The HC declined to accept the plea of the pregnant woman inmate of Nari Niketan, who is mentally retarded, not to abort her pregnancy on the following grounds, which to me, appear bizarre:

A. The women who wish to keep a pregnancy under the MTP Act must know how pregnancies are caused and how a child is born etc. (Paragraphs 18 and 19). My question: Surely, such a ground may be invoked against those ignorant pregnant women, who are not mentally retarded?

B. Paragraphs 20 and 21: Social and financial conditions of the pregnant woman have a bearing on whether she could be allowed to continue the unwanted pregnancy. Will the Court apply the same criteria for non-mentally retarded women?

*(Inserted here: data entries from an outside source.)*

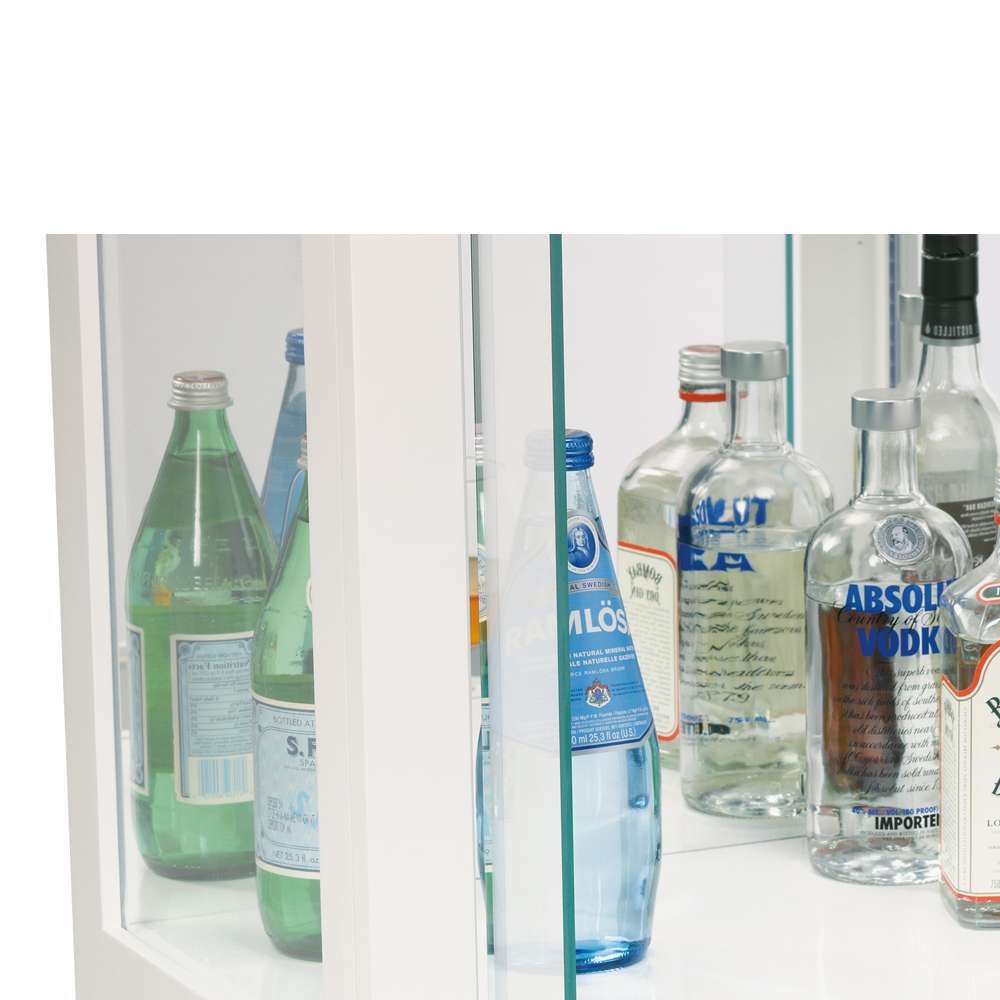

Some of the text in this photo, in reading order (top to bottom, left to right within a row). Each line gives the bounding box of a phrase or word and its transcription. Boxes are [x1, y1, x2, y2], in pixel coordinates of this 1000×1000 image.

[844, 578, 957, 615] ABSOL
[573, 648, 605, 659] NATURAL
[578, 734, 588, 744] ml
[588, 732, 606, 743] 25.3
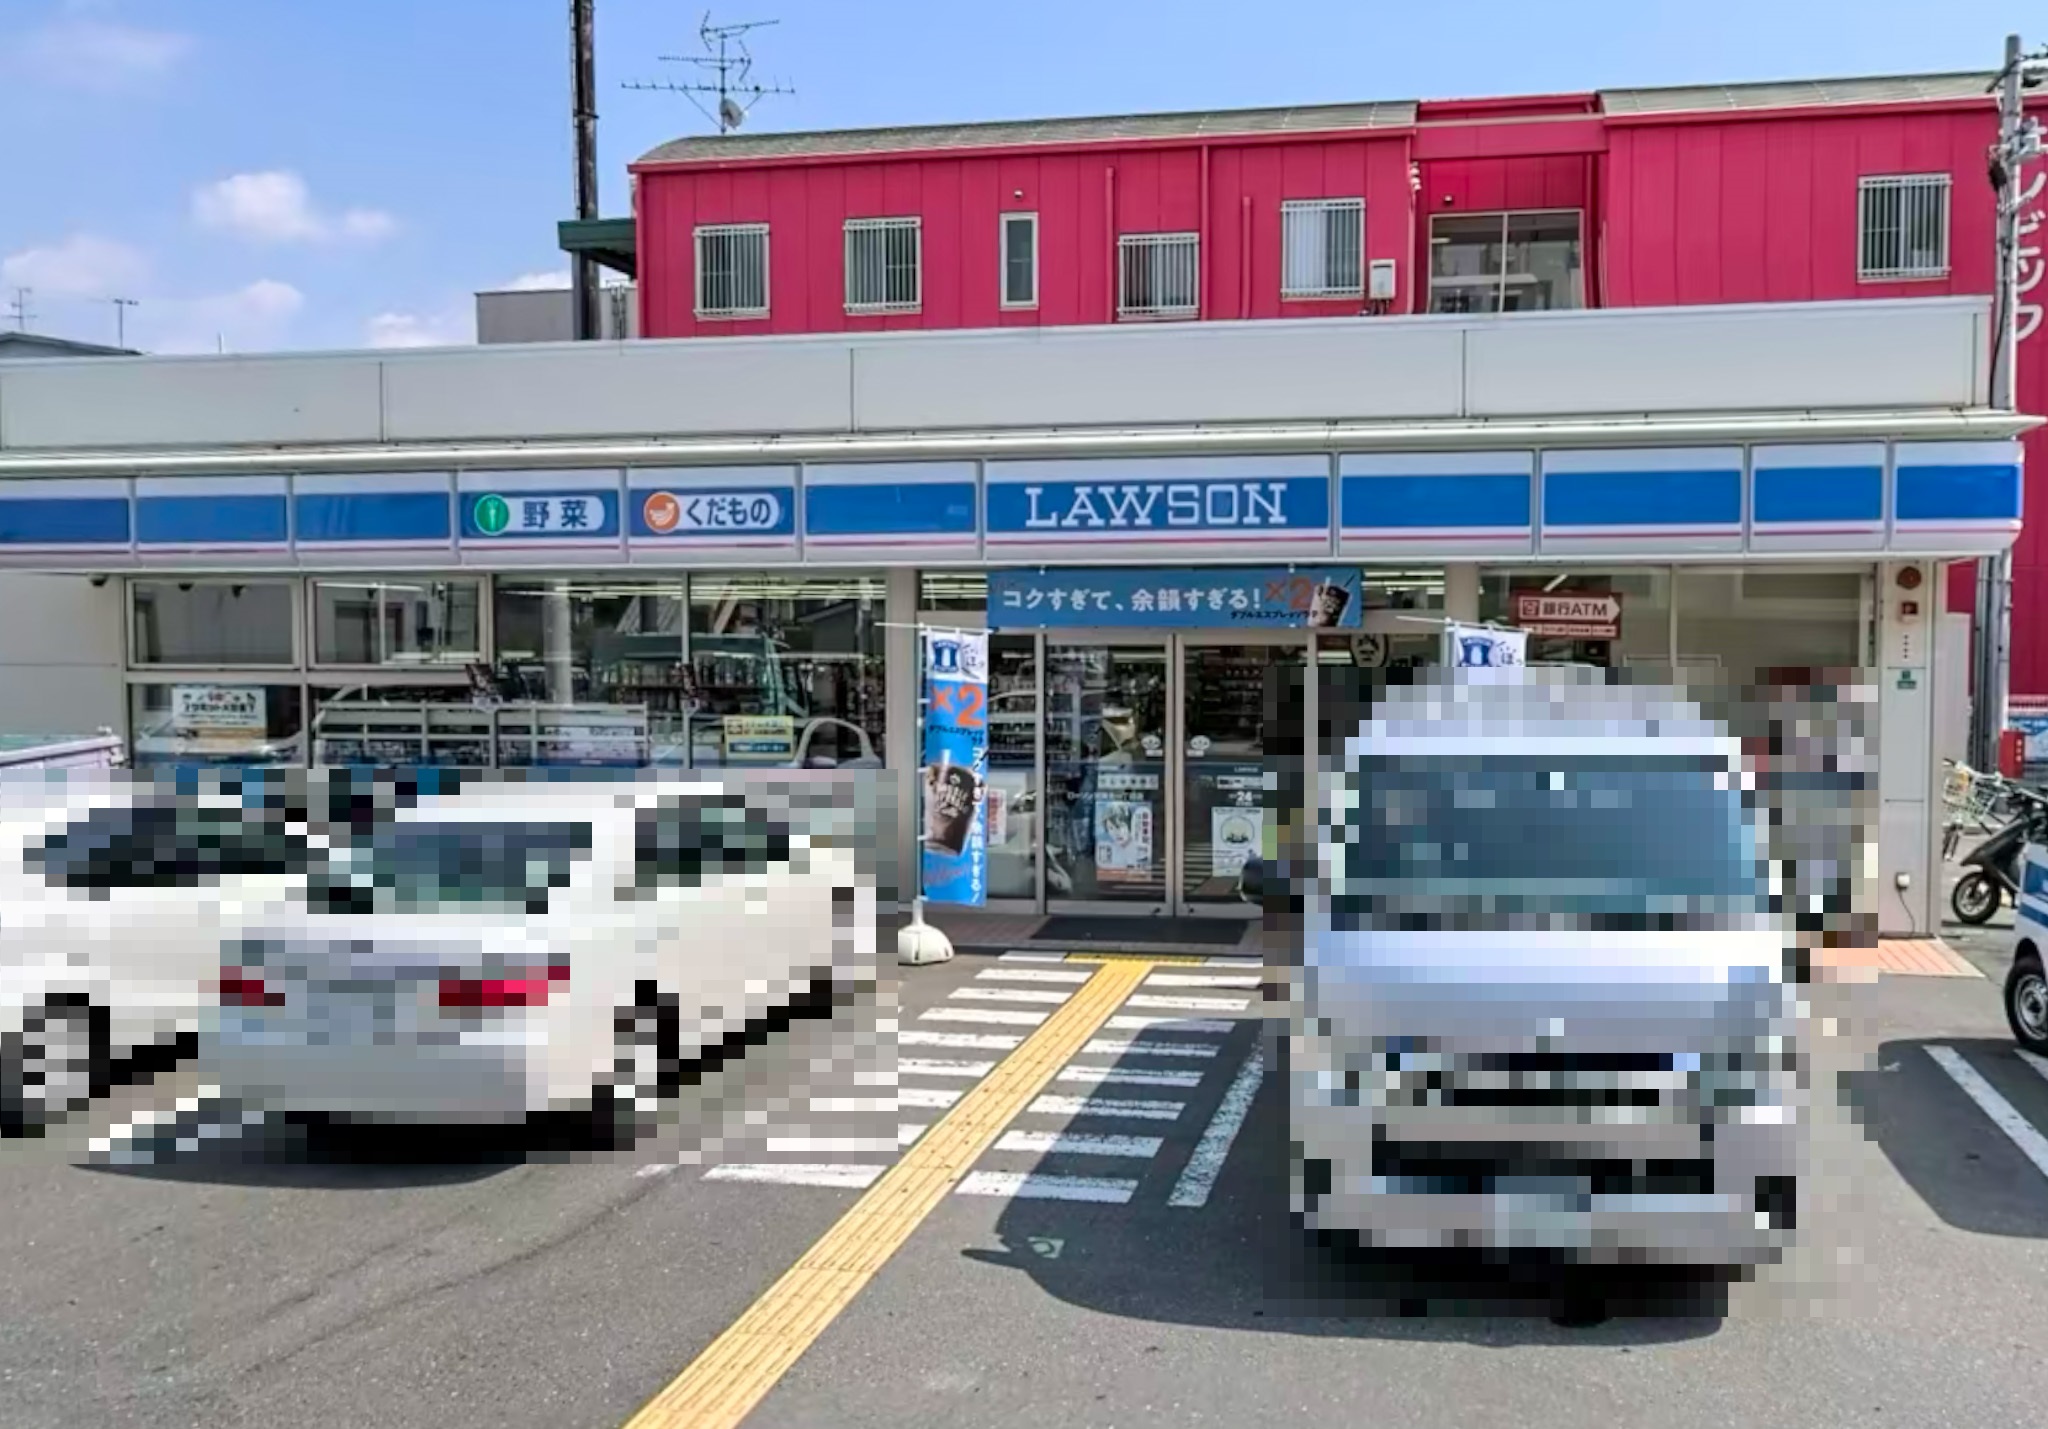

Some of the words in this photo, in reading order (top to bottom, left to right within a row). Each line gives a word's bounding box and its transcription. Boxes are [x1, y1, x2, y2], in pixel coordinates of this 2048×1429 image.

[522, 499, 587, 528] 野菜
[686, 498, 771, 526] くだもの
[1025, 483, 1288, 527] LAWSON
[1543, 601, 1608, 617] 銀行ATM
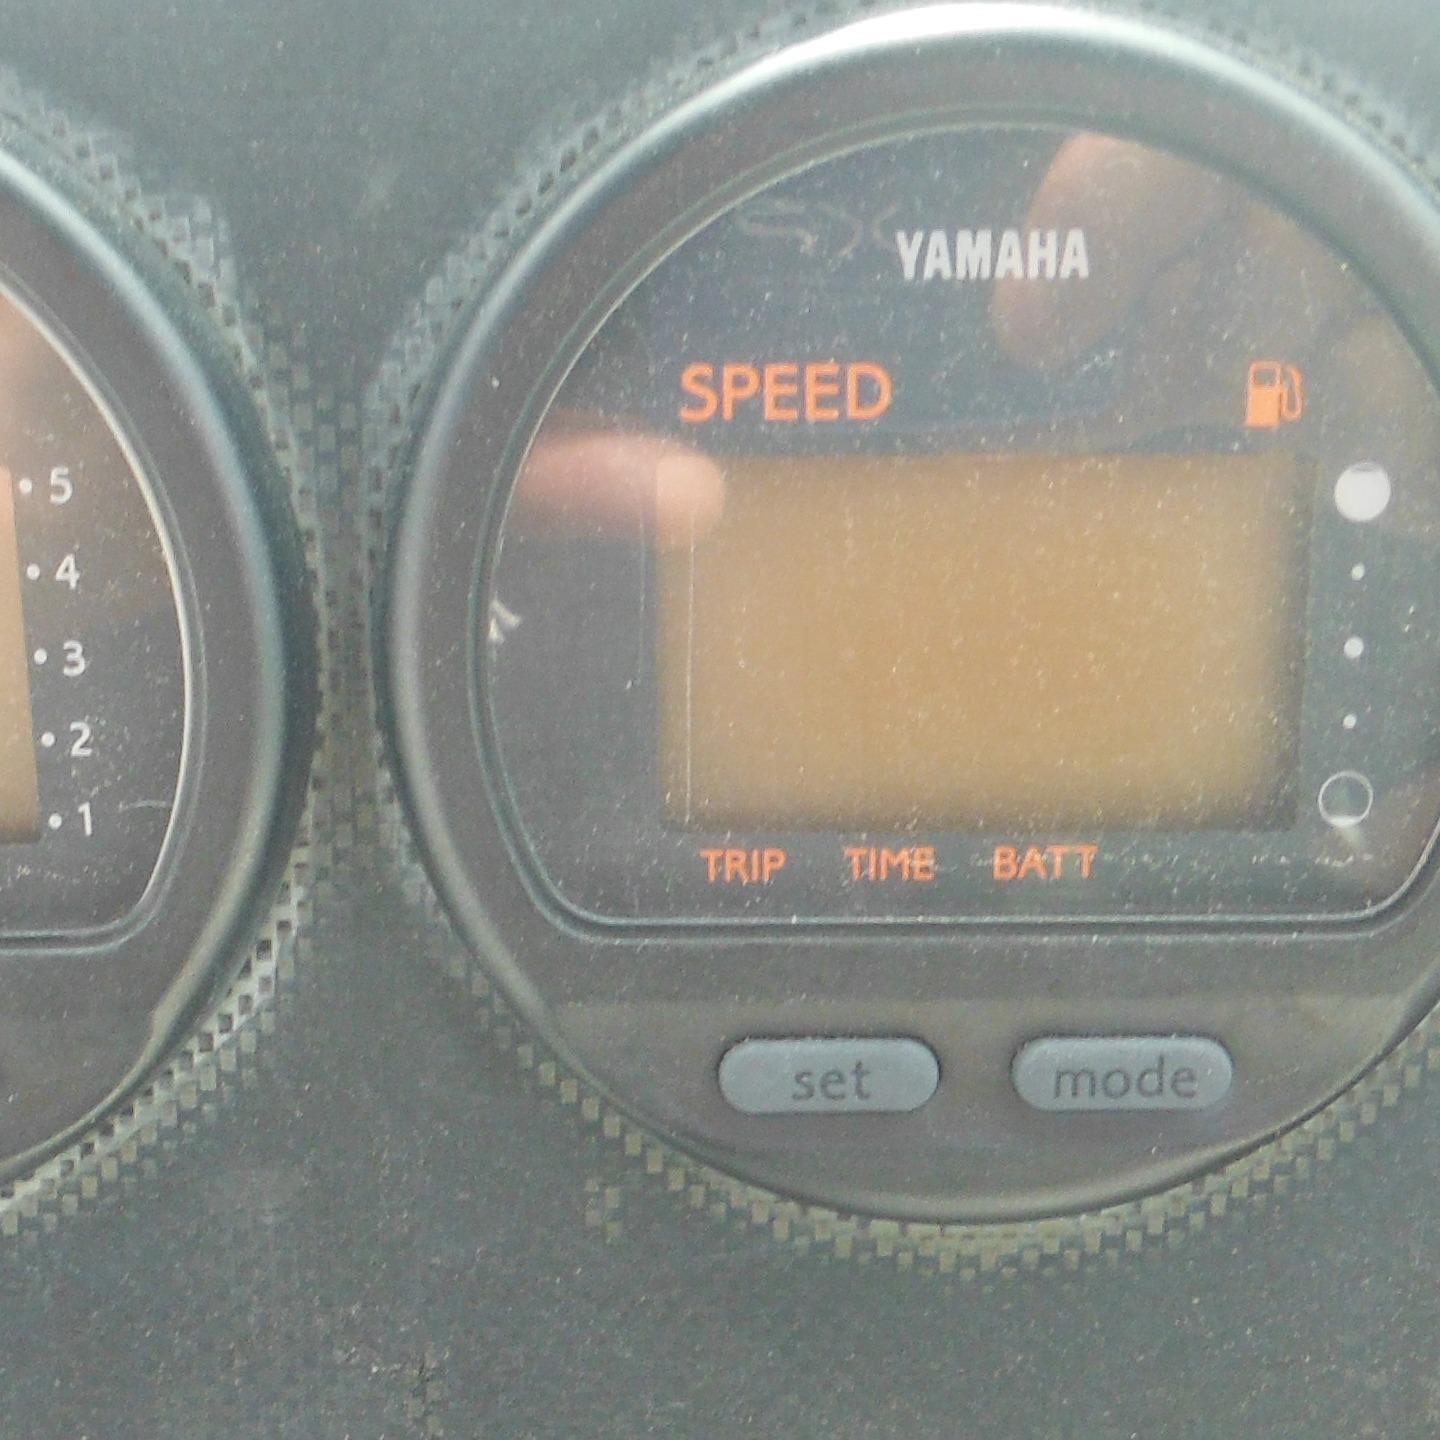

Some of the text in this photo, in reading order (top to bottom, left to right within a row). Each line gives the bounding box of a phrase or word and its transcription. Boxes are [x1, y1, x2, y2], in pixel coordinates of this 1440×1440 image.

C.Paragraph 22: Social and family support is crucial for a pregnant woman. The Court's desperate search for an institution which will provide such a support proved futile. Q: Is it an indication of the Court's helplessness or the misfortune of the pregnant woman? I am sure if there had been enough publicity, many institutions or families would have come forward to adopt the child once it is born. After all, the woman has been declared to be physically healthy to bear and raise the child.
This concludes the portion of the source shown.